Pre-natal Nutrient Could Protect Babies If Mums Drink
Posted by hannahtm at 8:15 AM on June 24, 2009
According to the American Center for Disease Control the number of women who drink during pregnancy has not changed substantially since 1991, despite aggressive health campaigns about the adverse affects of alcohol on foetuses. So researchers are hoping they may be able to protect babies from Mum’s drinking with pre-natal treatments, rather than solely through prevention.
Right now, foetal alcohol syndrome can only be treated through rigorous behavioral and educational therapies once the exposed children are preschool age or older. And since 12 percent of pregnant American women (and higher percentages of women in other countries) drink despite doctors’ warnings to the contrary, researchers hope that some of the effects of foetal alcohol syndrome could be prevented by administering a learning-related nutrient called choline to pregnant women and newborns.

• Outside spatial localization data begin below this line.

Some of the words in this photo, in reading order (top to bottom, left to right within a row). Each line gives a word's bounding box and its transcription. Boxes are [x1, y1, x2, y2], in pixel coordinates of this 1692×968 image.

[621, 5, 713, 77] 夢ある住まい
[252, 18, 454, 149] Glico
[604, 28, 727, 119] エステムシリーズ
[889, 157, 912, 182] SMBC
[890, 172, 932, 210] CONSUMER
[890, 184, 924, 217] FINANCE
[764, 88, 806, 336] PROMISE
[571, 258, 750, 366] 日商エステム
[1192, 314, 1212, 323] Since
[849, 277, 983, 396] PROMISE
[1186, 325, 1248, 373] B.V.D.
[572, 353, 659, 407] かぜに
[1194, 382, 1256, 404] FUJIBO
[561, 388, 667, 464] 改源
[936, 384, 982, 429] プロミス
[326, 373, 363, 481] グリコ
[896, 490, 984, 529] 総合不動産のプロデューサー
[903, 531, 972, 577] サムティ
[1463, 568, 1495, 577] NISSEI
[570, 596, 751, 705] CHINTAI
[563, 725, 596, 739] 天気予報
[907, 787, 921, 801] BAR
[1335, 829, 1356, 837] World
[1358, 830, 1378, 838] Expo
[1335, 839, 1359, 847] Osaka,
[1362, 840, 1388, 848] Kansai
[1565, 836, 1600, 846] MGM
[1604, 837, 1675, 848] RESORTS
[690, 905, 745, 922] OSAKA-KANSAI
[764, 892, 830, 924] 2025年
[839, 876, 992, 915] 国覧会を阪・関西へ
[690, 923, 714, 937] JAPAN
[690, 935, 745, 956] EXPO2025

Preliminary studies with pregnant rats have been encouraging, and researchers are now testing their theory on pregnant Ukrainian women who have admitted to drinking while pregnant. (All of the women in the study will undergo alcohol counselling.)
But even if choline proves effective as a partial deterrent to fetal alcohol syndrome, doctors warn that no single medication could protect babies from all of the potentially adverse affects of alcohol.
What do you think? Is such a preventative medication a commonsense way to protect babies, or could it endanger babies even more by giving drinking mothers false reassurance?